The Learner’s Scenario: The Clinical Experience

For learners, the scenario is the experience itself. It’s the unfolding clinical-like moment that challenges their knowledge, judgment, and communication skills in an effort to improve.

In the learner’s mind, the scenario “is” the simulation. It’s what they see, hear, and feel—the patient’s distress, the team dynamics, the need to make decisions under pressure. The learner rarely thinks about the planning that went into it; they simply step into a space that hopefully they were well oriented, feels real enough and is relevant to their goals.


For them, the scenario represents an opportunity: a chance to act, reflect, and learn in a safe environment. When done well, it becomes a memorable and emotionally resonant learning event that bridges the gap between classroom knowledge and clinical performance along with providing a stimulus for self-improvement.

The Educator’s Scenario: The Blueprint for Learning

For the educator or faculty member, the scenario is not just an experience—it’s a design.

To the educator, the scenario is the blueprint for what the learner will encounter. It contains the story arc, learning objectives, key events, and expected actions. It guides how pre-learning will be incorporated or reinforced to prepare the learner, how the simulation unfolds, and how the debriefing reinforces the lessons afterward as well as how assessment strategies and tools are incorporated into the learning encounter.

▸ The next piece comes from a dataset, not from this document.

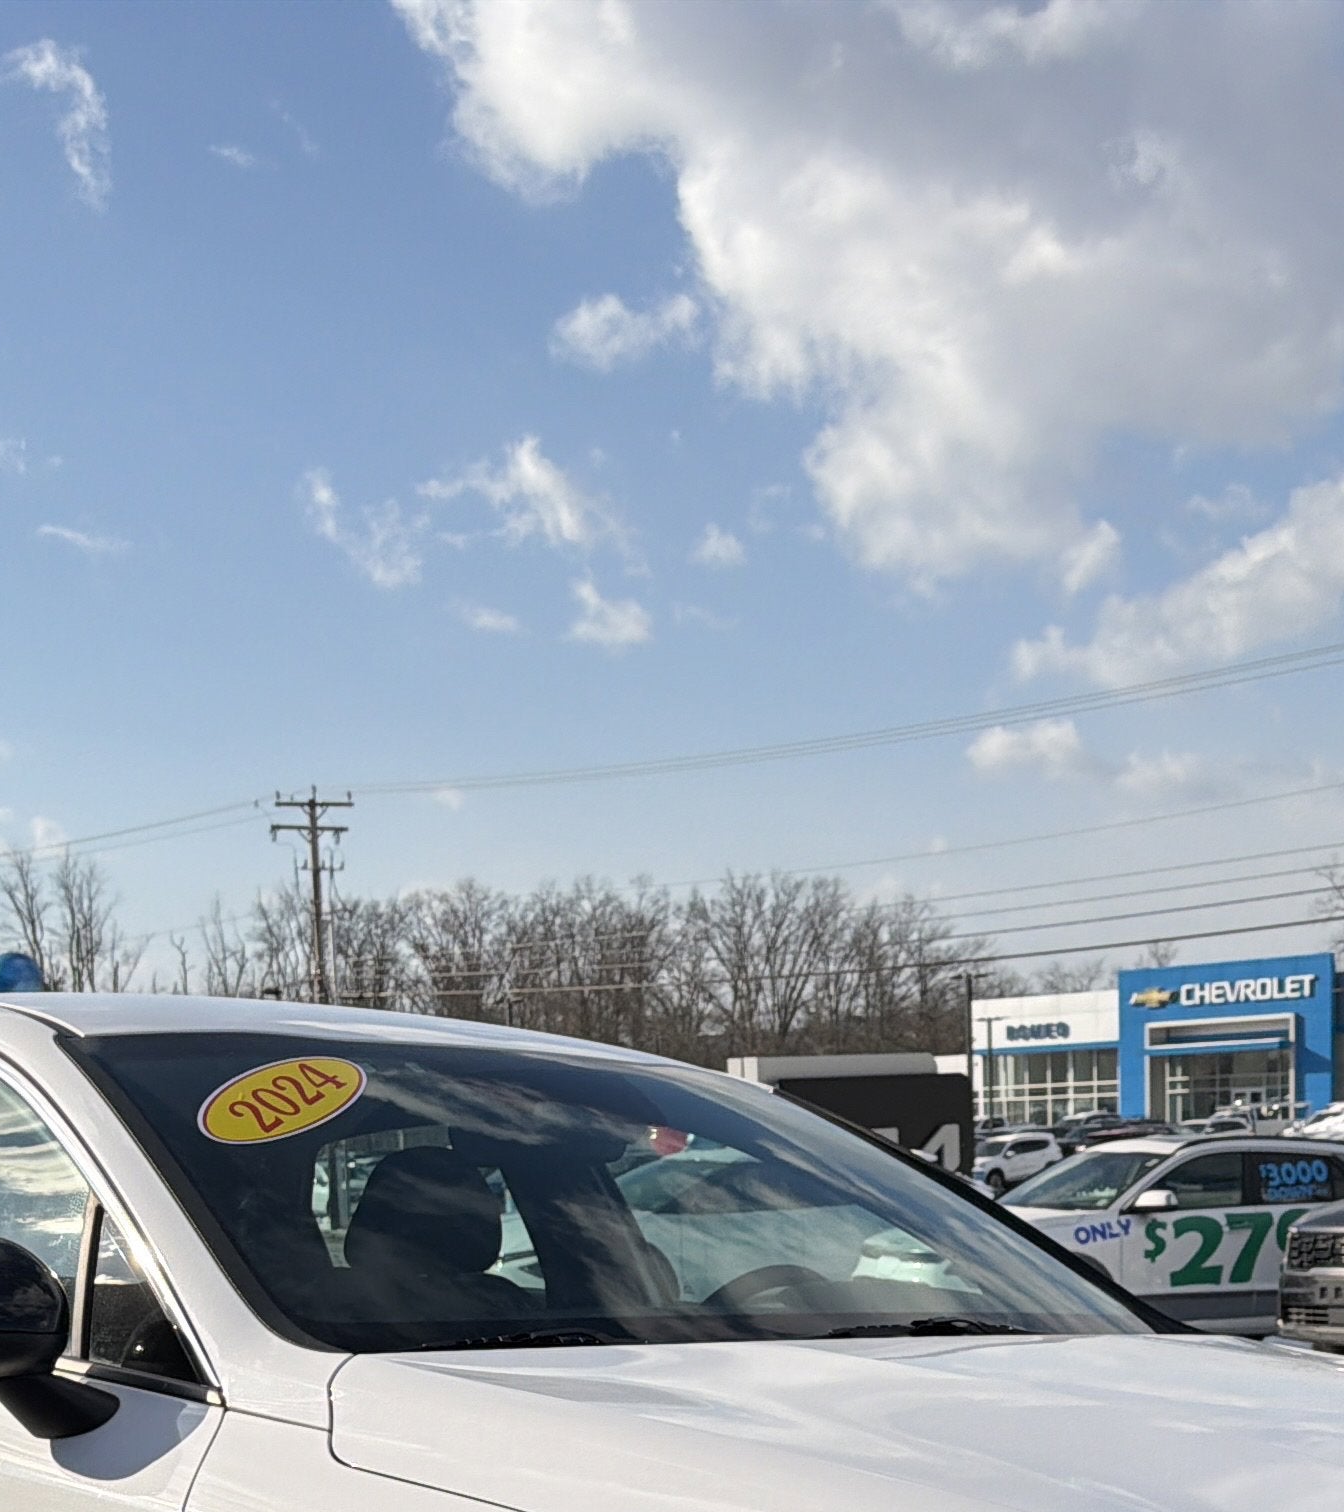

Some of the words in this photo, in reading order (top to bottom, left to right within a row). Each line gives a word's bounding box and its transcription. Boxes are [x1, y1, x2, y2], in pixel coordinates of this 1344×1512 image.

[1179, 974, 1317, 1007] CHEVROLET
[228, 1063, 348, 1134] 2024
[1074, 1219, 1132, 1245] ONLY
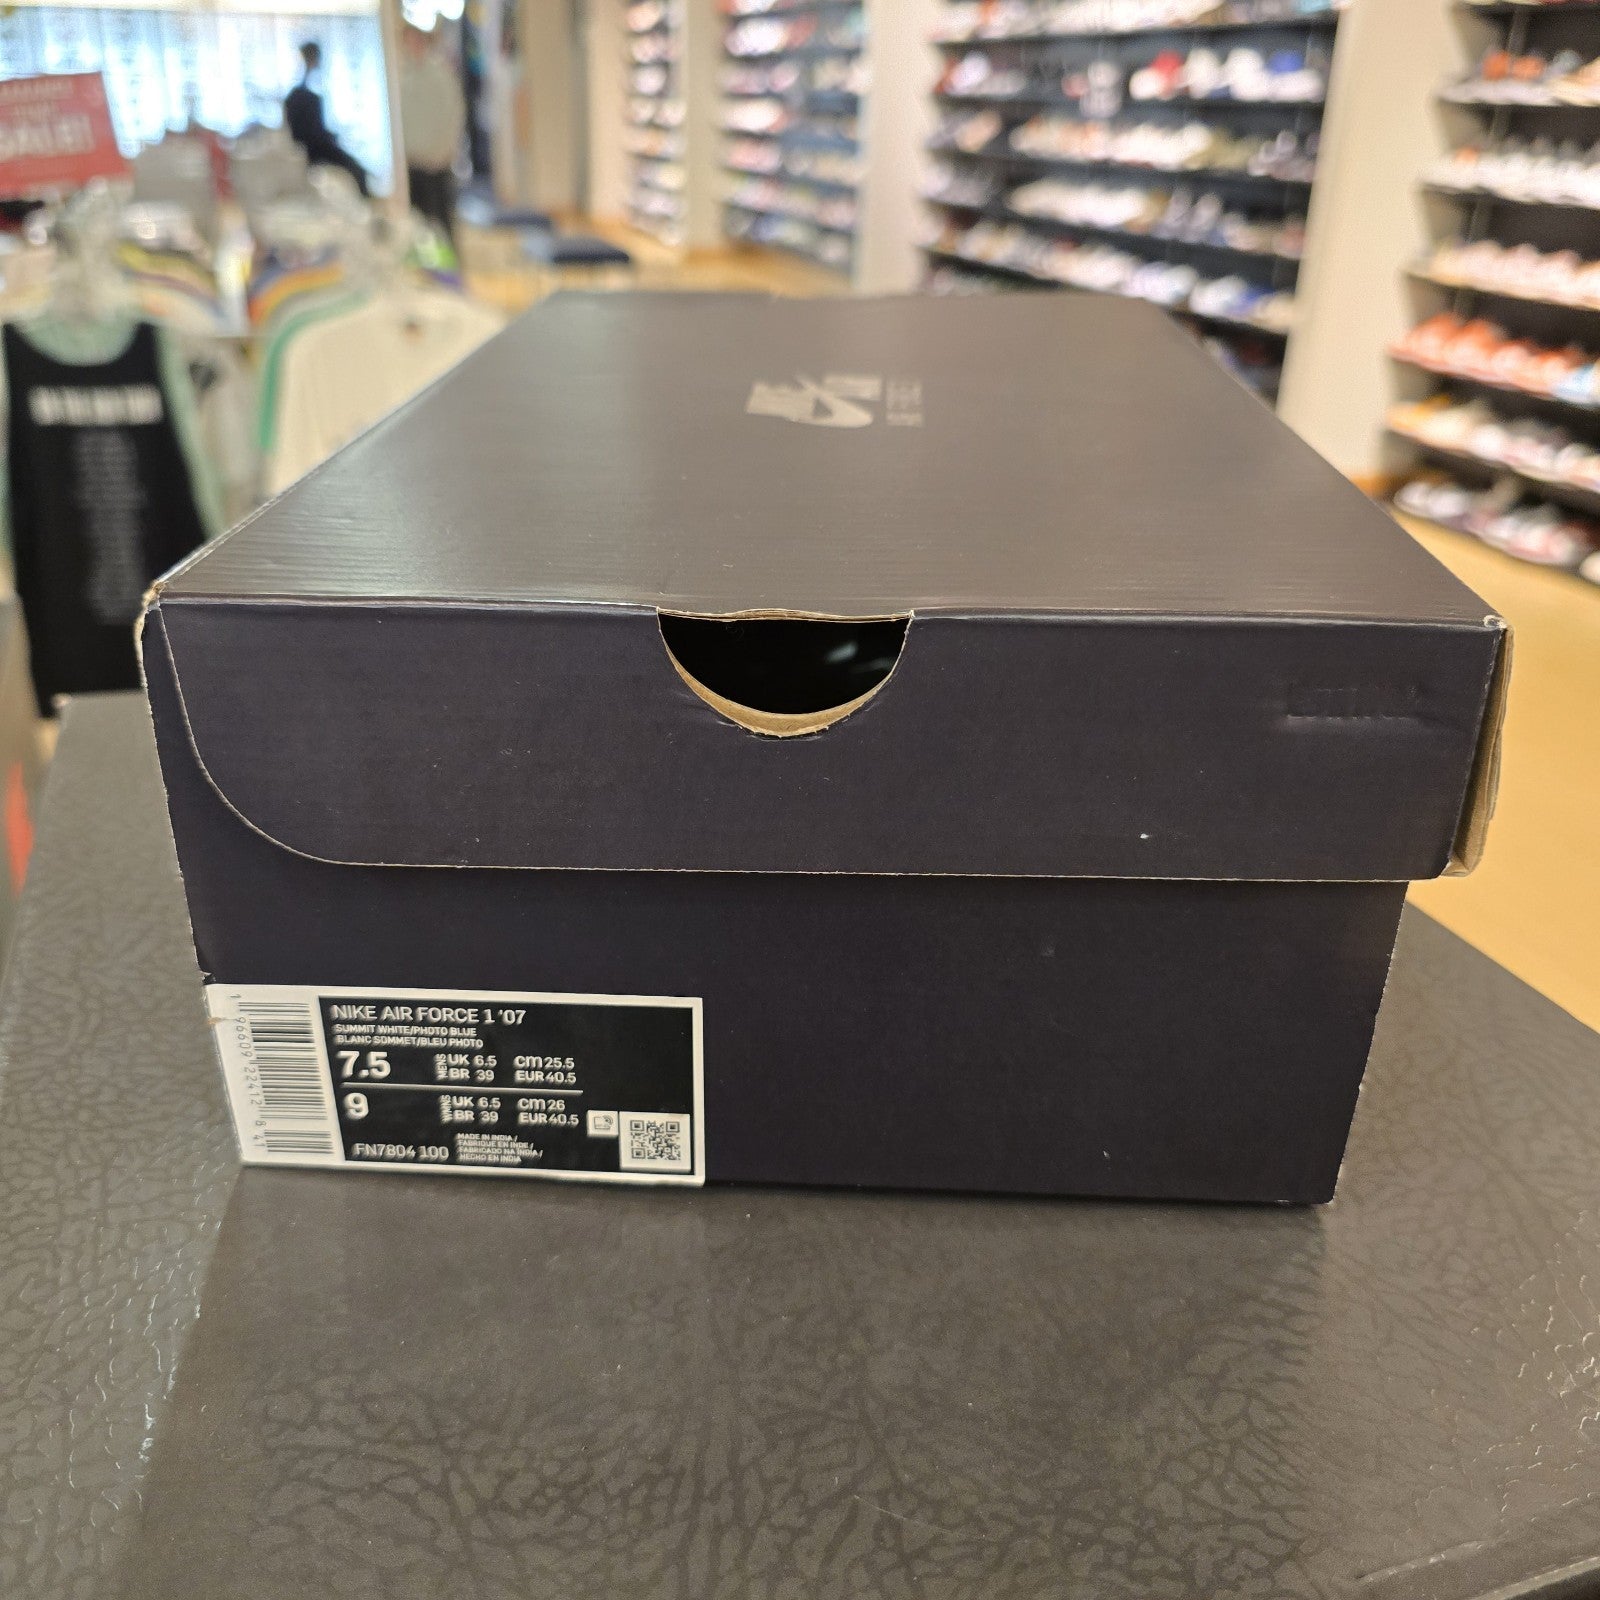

A well-constructed scenario is both an art and a science. It is an instrument that balances operations with realism and  educational intent. It requires alignment between objectives, assessment, and debriefing. The educator’s scenario document might include everything from patient history and vital sign trends to faculty prompts, checklists, and suggested debriefing strategies and topics.

In this view, the scenario becomes a curricular instrument, a tool that translates educational goals into lived experience.

The Simulation Operations Team’s Scenario: The Technical Playbook

For the simulation operations specialist or technician, the scenario is a technical plan, a script for how to bring the educator’s vision to life.

This version of the scenario includes the logistics that make the experience possible, for example:
– Scheduling and room reservations
– Equipment and supply lists
– Simulator programming and physiological responses
– Audio-visual configurations
– Staffing assignments and role descriptions

For the operations team, precision is everything. A single oversight—an unplugged cable, a missing monitor, or a mistimed vital sign change, can derail the encounter and disrupt the learning flow along with the concentration of the learners and faculty alike.

Their scenario isn’t about learning objectives; it’s about execution. It ensures that the right tools, people, environments, and technology align perfectly at the right moment to make the educational magic happen. In many ways, their scenario is the stage directions that make the play run seamlessly. Or to borrow a piece from a previous blog post of mine, it is the music that plays to allow the learners to dance and be evaluated.

The Administrator’s Scenario: The Unit of Measurement

To program administrators and simulation center leaders, the word “scenario” carries yet another meaning.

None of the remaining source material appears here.